TASK BRIEF → Whatever appears in the records apart from pictures must be reproduced exactly.

DATA EXTRACTS →
=== Begin Enclosure ===

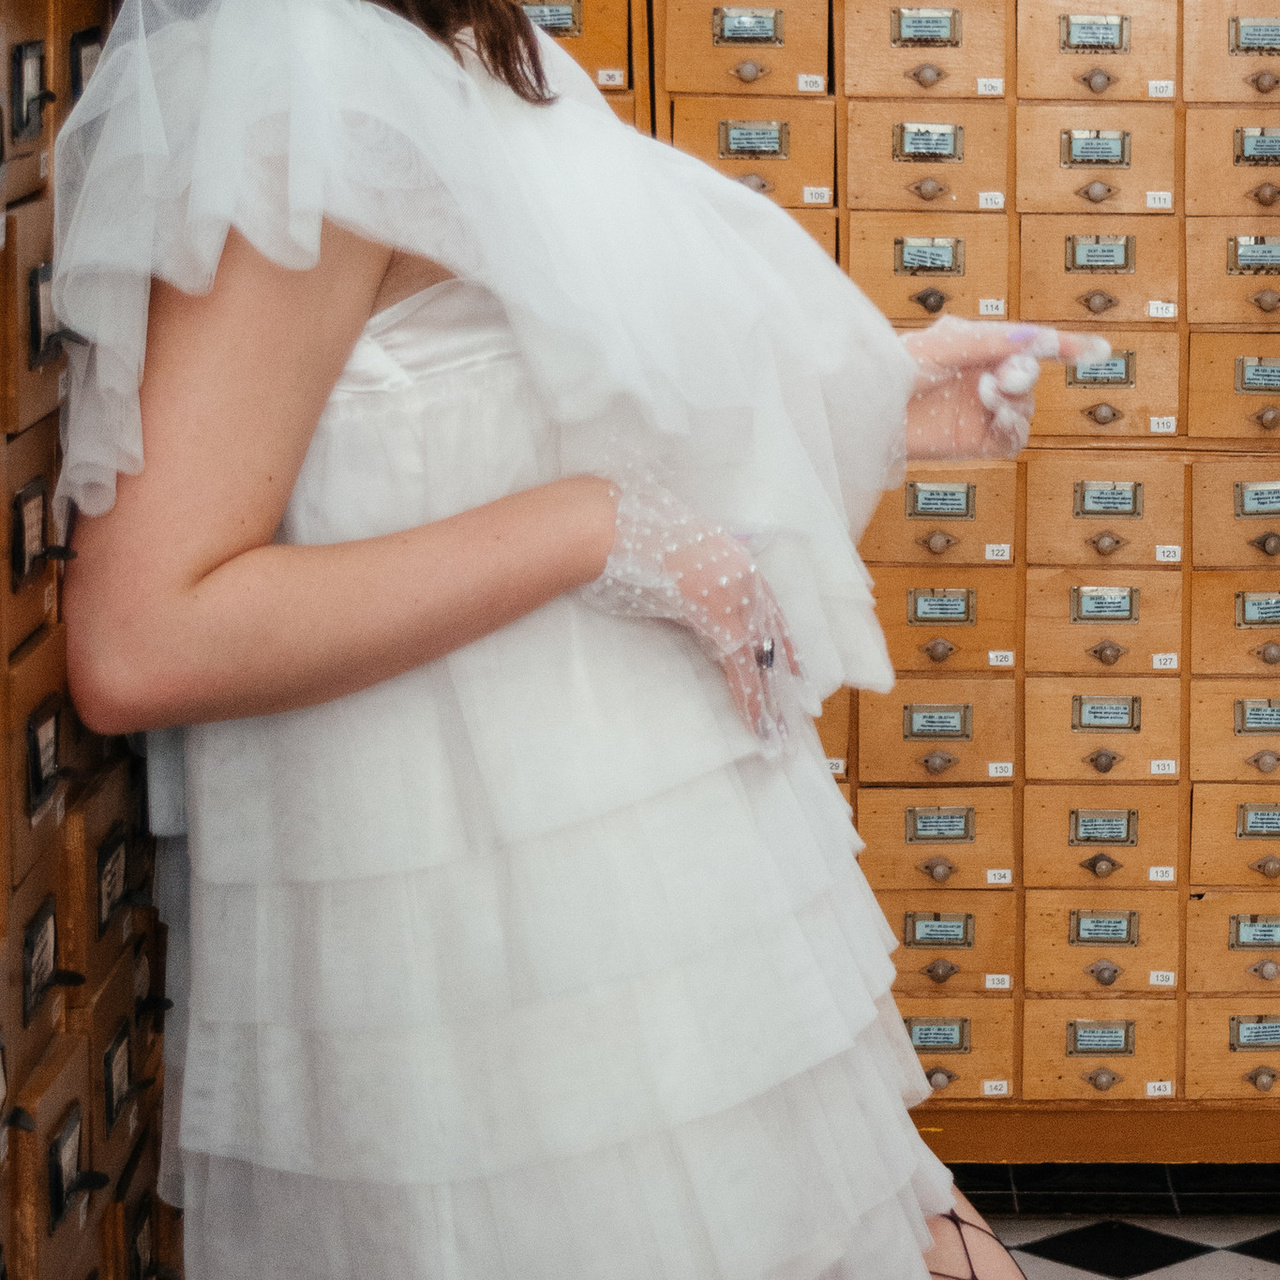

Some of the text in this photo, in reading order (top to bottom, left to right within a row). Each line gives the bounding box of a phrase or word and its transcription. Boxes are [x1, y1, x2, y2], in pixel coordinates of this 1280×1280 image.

[804, 79, 820, 89] 105
[1153, 84, 1170, 95] 107
[809, 191, 826, 201] 109
[1152, 196, 1168, 205] 111
[984, 304, 1000, 312] 114
[1155, 420, 1172, 430] 119
[990, 548, 1006, 558] 122
[1161, 549, 1177, 559] 123
[995, 654, 1010, 663] 126
[1158, 657, 1174, 666] 127
[994, 765, 1009, 774] 130
[1156, 762, 1171, 772] 131
[993, 872, 1007, 881] 134
[1155, 869, 1170, 878] 135
[991, 977, 1006, 986] 138
[1155, 974, 1171, 983] 139
[989, 1083, 1004, 1092] 142
[1152, 1084, 1168, 1092] 143

=== End Enclosure ===

WRITTEN REPLY →
Some of the text in this photo, in reading order (top to bottom, left to right within a row). Each line gives the bounding box of a phrase or word and its transcription. Boxes are [x1, y1, x2, y2], in pixel coordinates of this 1280×1280 image.

[804, 79, 820, 89] 105
[1153, 84, 1170, 95] 107
[809, 191, 826, 201] 109
[1152, 196, 1168, 205] 111
[984, 304, 1000, 312] 114
[1155, 420, 1172, 430] 119
[990, 548, 1006, 558] 122
[1161, 549, 1177, 559] 123
[995, 654, 1010, 663] 126
[1158, 657, 1174, 666] 127
[994, 765, 1009, 774] 130
[1156, 762, 1171, 772] 131
[993, 872, 1007, 881] 134
[1155, 869, 1170, 878] 135
[991, 977, 1006, 986] 138
[1155, 974, 1171, 983] 139
[989, 1083, 1004, 1092] 142
[1152, 1084, 1168, 1092] 143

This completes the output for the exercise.